The spy, the photographer and the briefcase

Sutirtha Paul – Class XI

Apeejay School, Salt Lake, Kolkata.

Katha Utsav 2016

‘Brown overcoat, clean shaven, blue-striped tie, camera and a briefcase – Yes that must be him’ – murmured Freeman. He followed him to the train – carriage 21. Freeman got into carriage 20. He had been involved in far more dangerous missions – but this was a bit complicated. His orders – ‘Retrieve the briefcase without starting an international incident. ‘A mole in the service had tipped them off about the Whiting papers being smuggled across the border by a photographer –this man.’ A direct arrest was impossible – without the Losnovians crying foul. The job had to be done discreetly – and Freedman was the man chosen.

Unobtrusively, he occupied an empty berth opposite to the photographer and waited for his chance. The photographer was preparing to open the briefcase. Now was his chance – to see where the papers could be hidden. He climbed up the upper berth to get a clear view. Just as the photographer opened – a portly, swarthy faced man crossed over and began talking animatedly with the photographer. Drat! His view was blocked. He waited for the man to move. Alas! He only managed to catch a glimpse of the briefcase before the photographer closed it.

He decided to wait until the photographer retired for the night before trying to make a dash for it. He noted where the photographer kept it and then went down to the pantry car for supper. He however was short on time. There were only eight hours before they would be entering Losnovania and if anything was to be done must be done before it. Leaving Losnovania was difficult, even more so with the briefcase.
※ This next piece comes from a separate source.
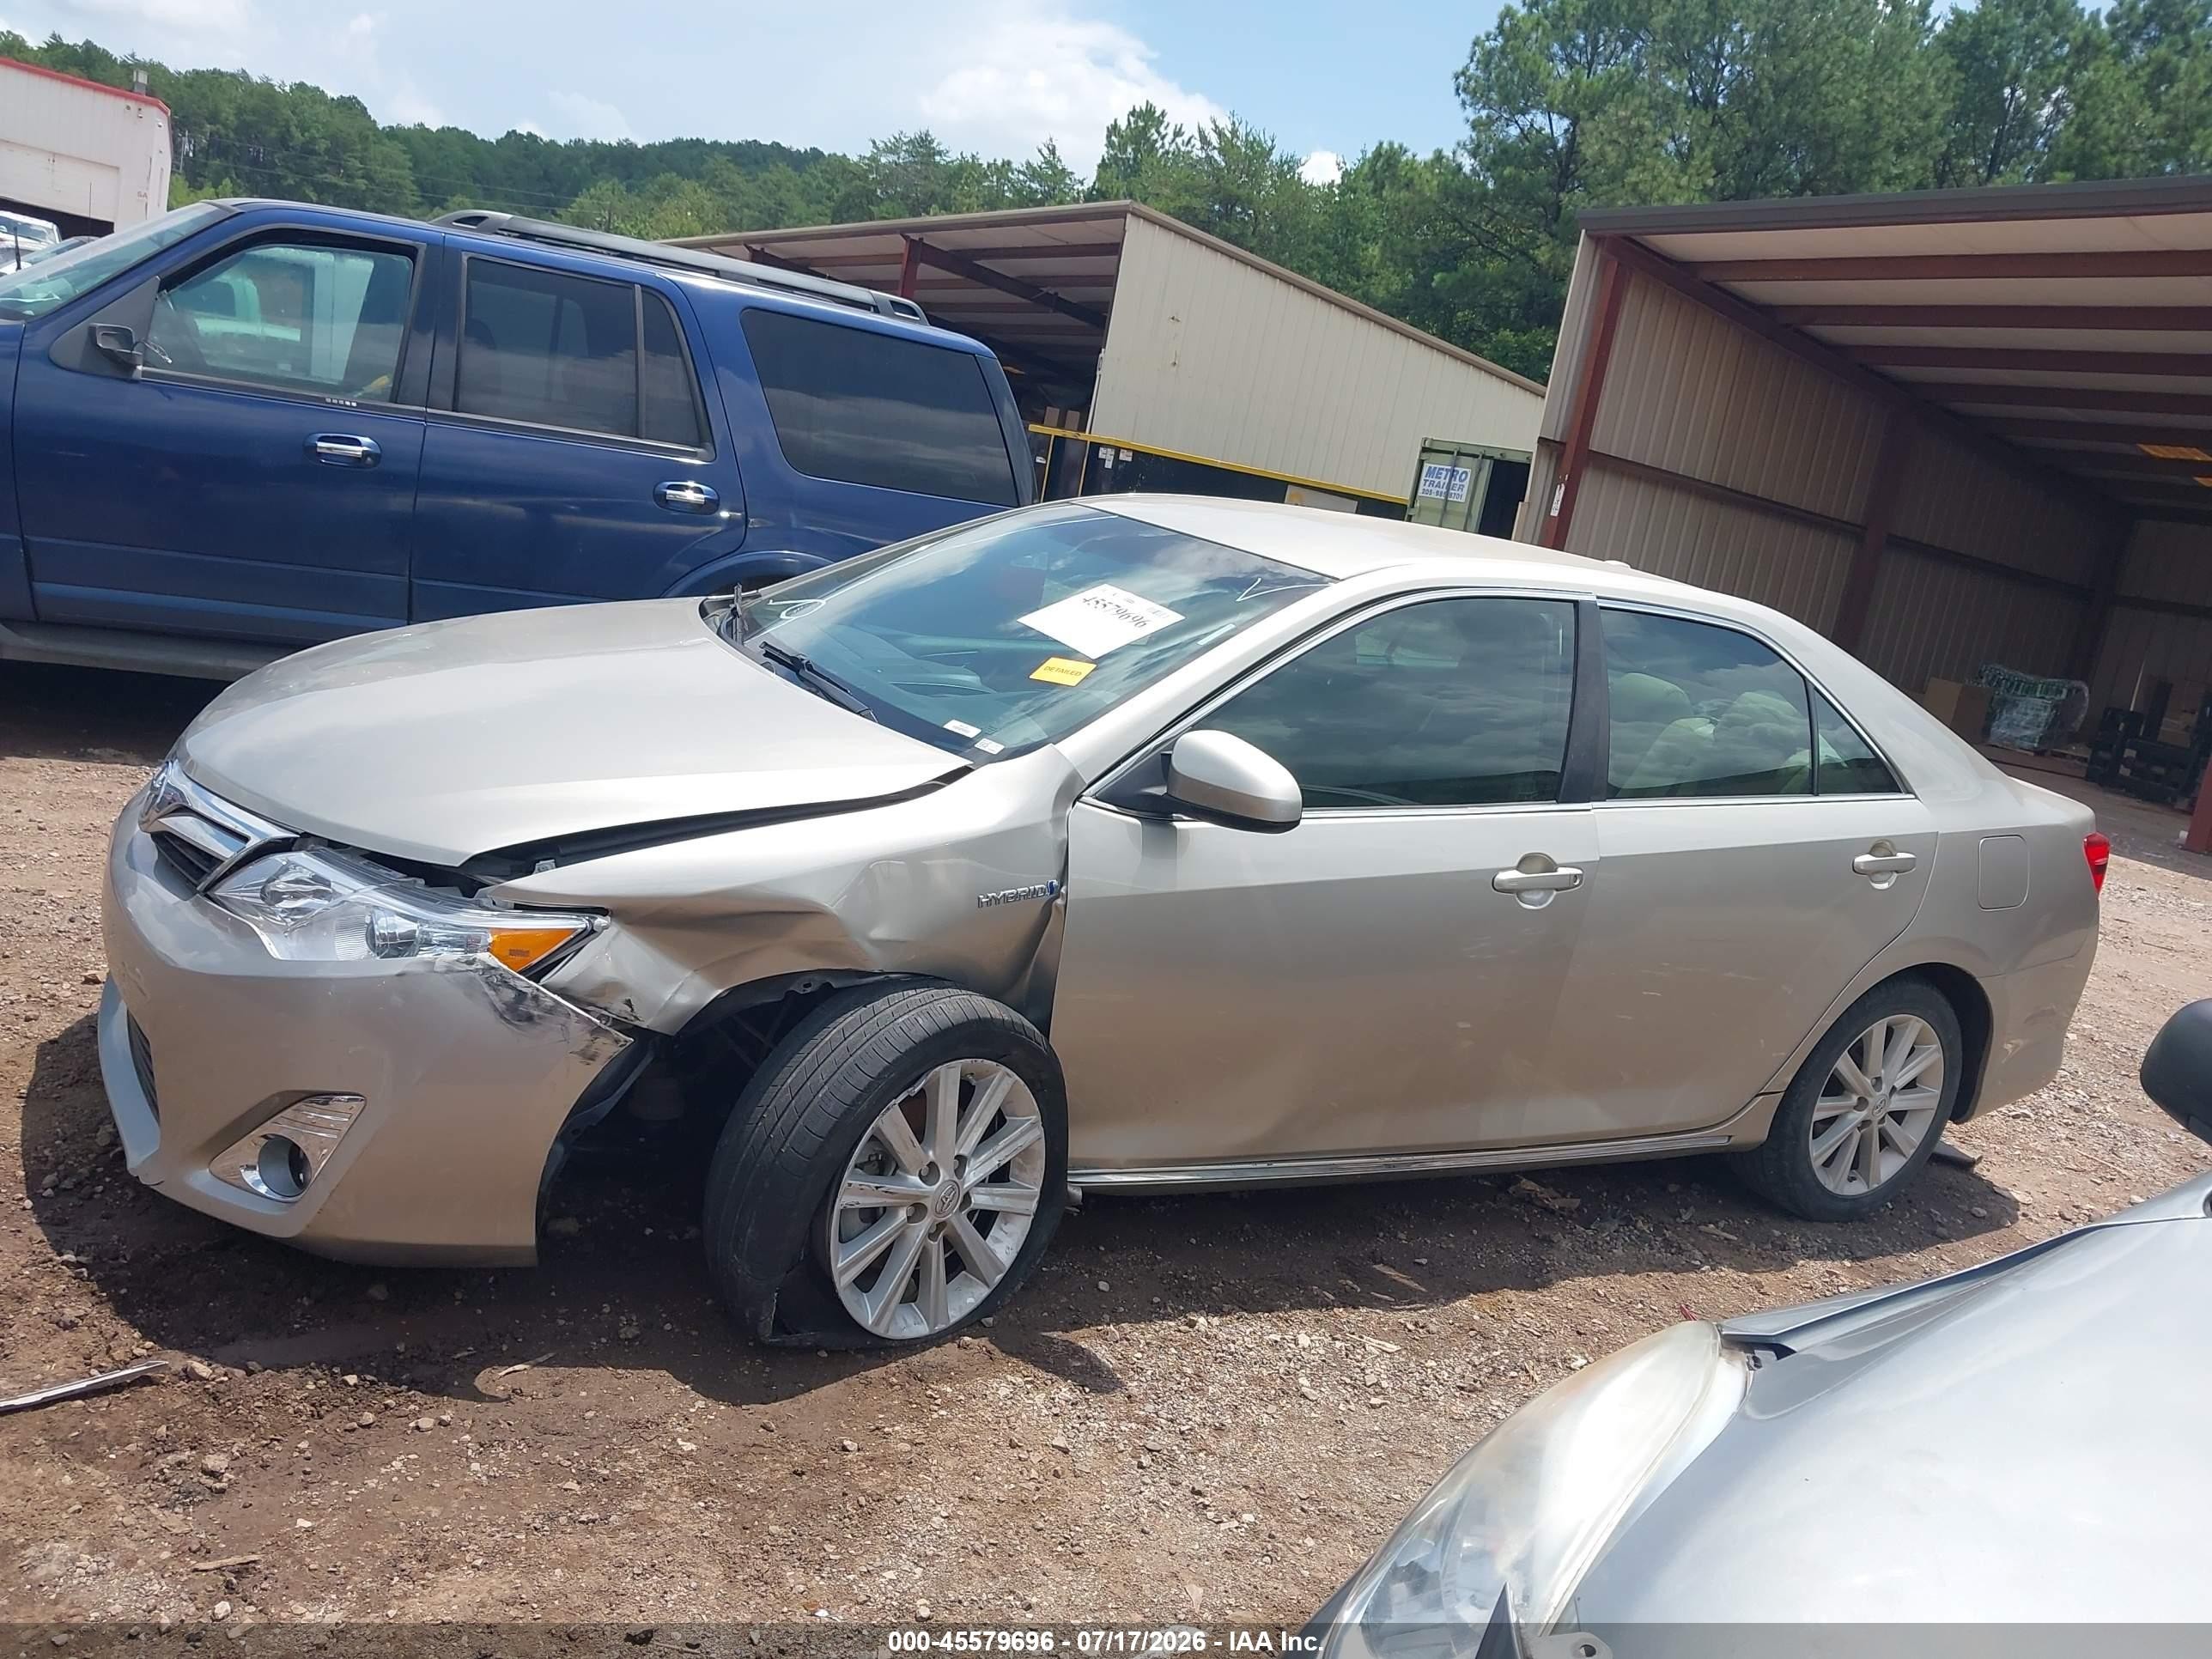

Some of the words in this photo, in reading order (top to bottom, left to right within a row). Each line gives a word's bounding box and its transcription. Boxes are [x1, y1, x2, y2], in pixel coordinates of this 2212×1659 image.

[1425, 465, 1469, 483] METRO
[1043, 665, 1083, 677] DETAILED
[977, 884, 1046, 908] HYBRID
The photographer soon retired. Freeman decided it was time to act. He silently moved to the place where he thought the briefcase was and grabbed it. He then moved to a lit area in the next compartment – to examine its contents in peace. The briefcase – though he had only managed to catch a fleeting glimpse – did not look like what he thought it did. He rummaged through its contents before stumbling upon a passport – a different name. Drat! The photographer must have changed it when he was in the pantry car. He then proceeded to return it. However just as he kept it back in its place, the photographer leapt up, Freeman ducked inside the next berth and sighed. Thank God! The carriage light was off.

Freeman decided that it would be unwise to do anything further that night and proceeded to wait for it in the morning.

It was morning. There was only an hour left to retrieve it. The swarthy faced man was taking to the photographer. Freeman noticed that the man had the same make and colour of briefcase as the photographer. This gave him an idea. As the man left Freeman followed him. The man left the briefcase on the luggage rack and left the compartment. Freeman discreetly grabbed it and moved towards the photographer. He went ahead and asked for a match. As the photographer delved into his pockets, Freeman exchanged the briefcases, accepted the match and while trying to look as normal as possible exited the carriage. He got down from the train just before the border and made his way towards the Nova – the pre-arranged rendezvous point and where a room had been booked for him in advance. He took the keys and went to his room.

In his room, he opened the briefcase. Lo and behold! It was only filled with paper, pieces and pieces of crumple trash paper! It was a trick!

A knock on the door – handed him a telegram. ‘Abort mission. Intelligence wrong. ‘Well so much for his spy work. The other boys must never hear about this. He chucked the telegram and the briefcase in the bin and checked out.